In this study, we identify a variant NuRD complex which is formed by association of PWWP2A/B with the MTA1/2/3:HDAC1/2 deacetylase subcomplex. Our work supports earlier studies which show that NuRD can assemble in a modular fashion from preformed subcomplexes20. This PWWP2A/B:MTA1/2/3:HDAC1/2 complex is targeted to actively transcribed genes genome-wide, where HDAC mediated deacetylation is important for the fine-tuning of RNA Pol II dynamics.

Methods

Histone purification

(adapted from Dyer et al.51): The plasmids for the expression of canonical Xenopus laevis histones H2A, H2B, H3, H4 were obtained from the group of Timothy Richmond. The pET-histone expression plasmids were expressed in BL21 DE3 pLysS E. coli cells, grown in 2XTY medium and induced at 0.5 mM IPTG. Histones were purified from inclusion bodies under denaturing conditions (7 M urea, 20 mM sodium acetate, pH 5.2, 1 M NaCl, 5 mM 2-mercaptoethanol, 1 mM EDTA), over a HiPrep 26/60 Sephacryl S-200 HR column. Finally the purified histones were gradually refolded by dialyses against 3 × 4 L of water with 2 mM 2-mercaptoethanol at 4 °C.
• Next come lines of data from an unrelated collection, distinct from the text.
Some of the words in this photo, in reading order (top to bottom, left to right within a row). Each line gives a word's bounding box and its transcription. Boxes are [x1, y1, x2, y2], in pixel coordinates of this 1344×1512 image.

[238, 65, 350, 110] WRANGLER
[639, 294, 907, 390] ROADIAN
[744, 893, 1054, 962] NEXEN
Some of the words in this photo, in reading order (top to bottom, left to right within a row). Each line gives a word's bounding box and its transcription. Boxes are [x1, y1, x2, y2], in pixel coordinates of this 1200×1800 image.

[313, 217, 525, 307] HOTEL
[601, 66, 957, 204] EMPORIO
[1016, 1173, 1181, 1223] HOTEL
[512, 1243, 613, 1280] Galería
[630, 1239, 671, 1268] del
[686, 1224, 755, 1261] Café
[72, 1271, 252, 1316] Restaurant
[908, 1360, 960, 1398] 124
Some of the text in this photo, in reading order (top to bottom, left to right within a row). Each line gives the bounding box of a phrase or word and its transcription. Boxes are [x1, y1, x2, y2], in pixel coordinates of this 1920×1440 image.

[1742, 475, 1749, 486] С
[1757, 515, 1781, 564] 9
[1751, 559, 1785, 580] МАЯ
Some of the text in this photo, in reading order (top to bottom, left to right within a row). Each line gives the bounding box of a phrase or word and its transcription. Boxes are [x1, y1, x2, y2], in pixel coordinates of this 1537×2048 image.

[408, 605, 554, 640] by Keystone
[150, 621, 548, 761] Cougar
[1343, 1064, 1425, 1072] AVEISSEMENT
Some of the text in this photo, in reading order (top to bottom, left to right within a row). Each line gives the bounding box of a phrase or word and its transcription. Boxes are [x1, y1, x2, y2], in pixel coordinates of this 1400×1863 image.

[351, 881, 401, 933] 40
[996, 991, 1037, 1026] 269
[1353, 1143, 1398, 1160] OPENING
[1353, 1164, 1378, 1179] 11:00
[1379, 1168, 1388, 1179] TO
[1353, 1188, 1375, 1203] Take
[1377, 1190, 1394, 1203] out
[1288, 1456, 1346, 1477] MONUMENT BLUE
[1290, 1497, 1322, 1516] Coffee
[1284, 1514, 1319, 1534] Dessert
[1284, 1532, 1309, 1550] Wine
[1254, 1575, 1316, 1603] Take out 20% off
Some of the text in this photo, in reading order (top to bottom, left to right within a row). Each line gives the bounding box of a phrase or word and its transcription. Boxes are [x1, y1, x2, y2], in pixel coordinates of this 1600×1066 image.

Generation of site-specific methyllysine analogs

This was performed as in Simon et al.23. Briefly, to introduce site-specific methyllysine analogs into H3, the lysine of interest H3 K36 was mutated to a cysteine, and the only native cysteine in H3 at residue 110 is mutated to an alanine. The mutant H3 K36C C110A was expressed and purified as described above and alkylated under reducing conditions with (2-bromoethyl) trimethylammonium bromide to produce a trimethyllysine (Kme3) mimic. The reaction was monitored by mass spectrometry, the efficiency of the reaction was usually near completion with total conversion of the reactive cysteine to the trimethyllysine analog.

Histone octamer assembly and purification

A total of 3 mg of each histone H2A, H2B, H3 (unmodified or modified), H4 was unfolded in denaturing buffer (7 M guanidine HCl, 20 mM Tris, pH 7.5, 10 mM DTT), then mixed together at equal ratios. The histones were then dialysed into 3 × 4 L refolding buffer containing high salt (2 M NaCl, 10 mM Tris, pH 7.5, 1 mM EDTA, 5 mM 2-mercaptoethanol). The dialysed sample was run over a HiLoad Superdex 200 16/60 column to separate the histone octamer from H3/H4 tetramers, H2A/H2B dimers, and individual histones. Octamers were stored at 4 °C for short term use, or in 50% glycerol at −20 °C for long-term storage.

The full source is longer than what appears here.